Por Santiago O'Donnell
Fue la despedida que Donald Trump se merecía. Cientos de fanáticos enardecidos entrando por la fuerza al Capitolio para interrumpir el viejo ritual de certificar una elección, en este caso la que ganó Joe Biden, como si semejante acto pudiera cambiar el resultado de la voluntad popular. Una toma de palacio alentada por el propio presidente, un acto de fanfarronería con los minutos contados, sin ninguna consecuencia política más allá de hundir aún más en el desprestigio al magnate neoyorquino, quien demostró ser incapaz de respetar las reglas democráticas durante todo su gobierno y aún más cuando eligió desconocer su derrota electoral.
Fue, eso sí, un golpe más al débil tejido social estadounidense atravesado por una grieta multicultural, que no pone en riesgo el funcionamiento de las instituciones a corto plazo pero escenifica una crisis de representatividad y legitimidad que viene desde hace tiempo y que tuvo su máxima expresión, precisamente, en el ascenso de un personaje racista, machista y chauvinista a la presidencia, y se prolongó durante cuatro años de políticas basadas en el señalamiento del Otro como enemigo a odiar, y culminó con este desenlace patético, tan dramático como insustancial.
Cuando ya la escena no daba para más, cuando el mundo y los propios estadounidenses se cansaron de mirar el show decadente por televisión, cuando ya se estiraba demasiado, salió Biden por televisión para decirle al mundo que lo que veía no era lo que Estados Unidos representa, que su país está hecho de gente decente y buena, y para decirle directamente a Trump, prácticamente ordenarle, que termine su pataleo y llame a su gente a abandonar el Congreso antes de que alguien salga lastimado, más allá de la mujer baleada, aparentemente por un guardia de seguridad, según informaron algunos medios locales. Biden mencionó la palabra "sedición" como para dejar en claro que el chistecito les puede costar caro a los revoltososos ultraderechistas que habían interrumpido una sesión legislativa en el Capitolio, algo de lo que no se registran antecedentes en Estados Unidos.

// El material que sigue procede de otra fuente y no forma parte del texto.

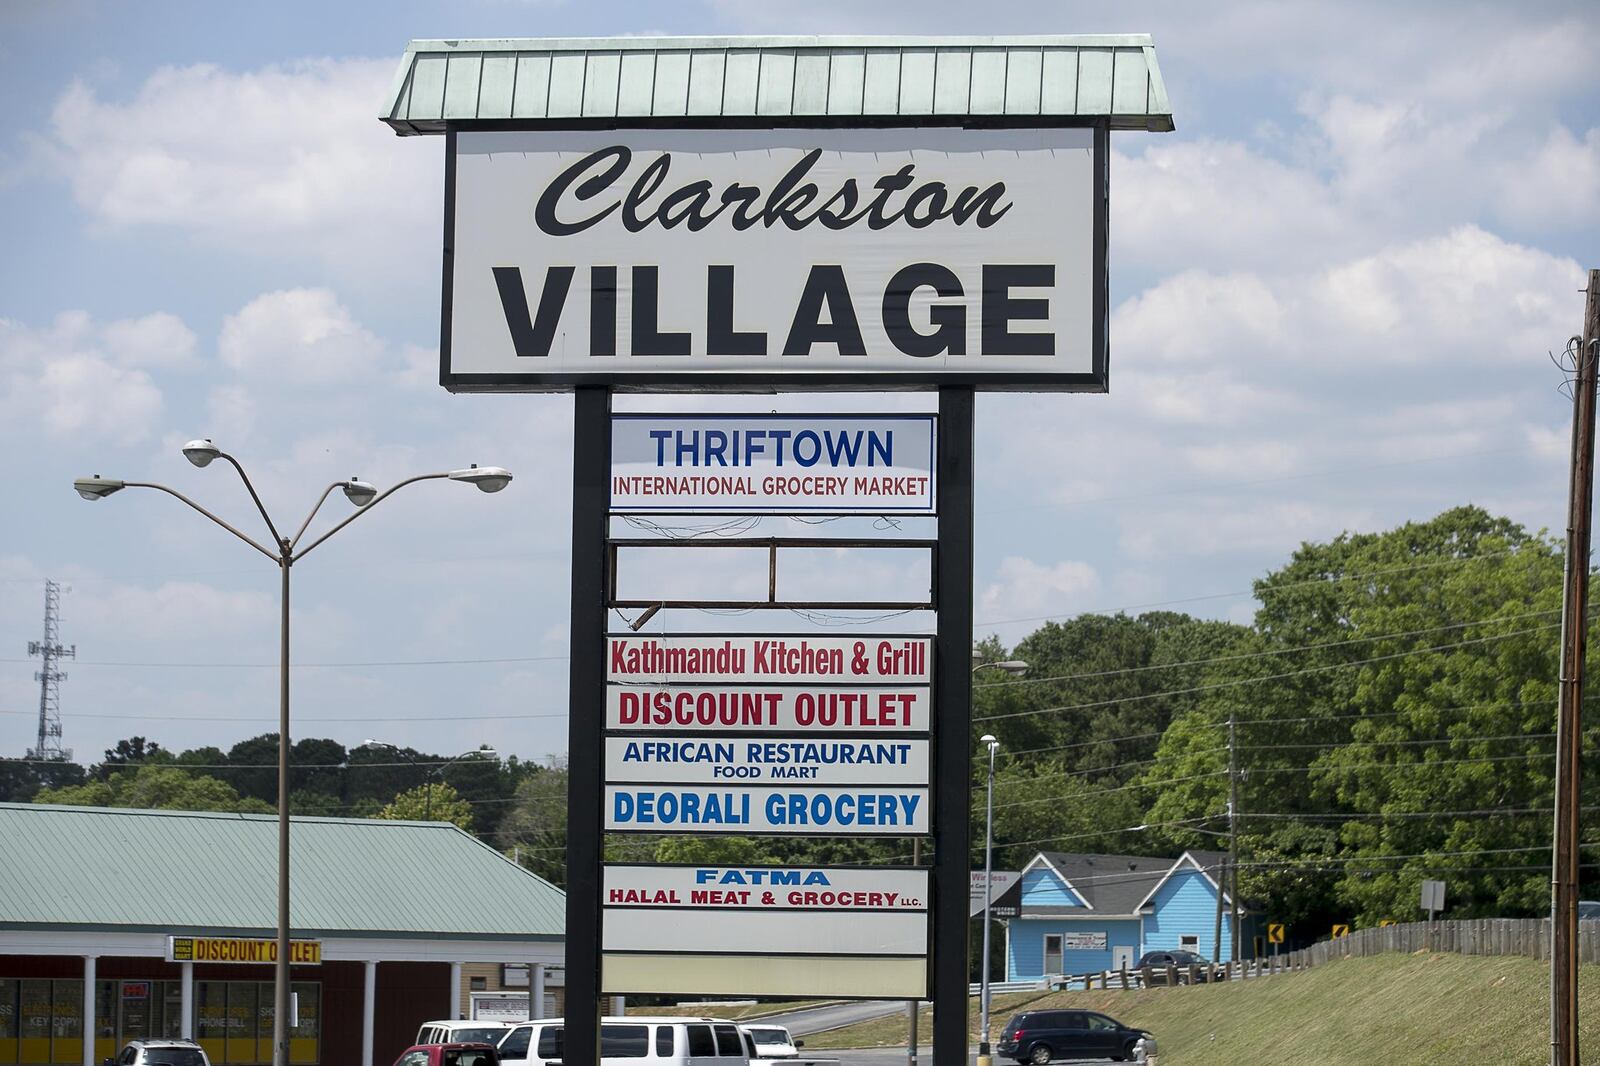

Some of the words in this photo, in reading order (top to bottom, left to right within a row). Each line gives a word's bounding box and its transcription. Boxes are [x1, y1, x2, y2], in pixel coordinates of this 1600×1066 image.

El mensaje de Biden hizo reacciónar a Trump. Al borde del suicidio político, el todavía presidente llamó a sus muchachos a abandonar la toma, ya rodeados de patrulleros y policías listos para actuar. Dijo que los entendía, que le habían robado la elección, pero que ya era hora de volver a sus casas. Al momento de escribir estas líneas los rebeldes trumpistas se empezaban a dispersar triunfantes sin haber logrado nada para su causa mientras se acercaba la hora del toque de queda, ultimátum que preanuncia una actitud más represiva por parte de agentes federales y sobre todo de la Policía del Capitolio, la fuerza encargada de custodiar el predio tomado, que responde directamente a las autoridades del Congreso.
La despedida de Trump fue bochornosa, sí, pero no hay que perder de vista lo importante. En catorce días Estados Unidos tendrá un nuevo presidente. Uno muy distinto a Trump en muchos aspectos. Un cultor del multilateralismo acostumbrado a trabajar con los republicanos, no en contra de ellos, que llega con el mandato de cerrar las heridas abiertas por su predecesor. Un tipo centrista, con virtudes y defectos, pero que no tiene los antecedentes de mentir e insultar casi a diario por Twitter, como nos había acostumbrado Trump. Nada de lo ocurrido hoy impedirá que el traspaso suceda. Al contrario. Hoy quedó claro que el camino de Trump no es el que eligieron la mayoría de los estadounidenses. Hoy Estados Unidos y el mundo entero pudieron ver, acaso como nunca antes, la peor cara del movimiento extremista ultraderechista que este mandatario lamentable supo liderar. Un show tan liviano, inútil, grosero y triste como el hombre que lo inspiró.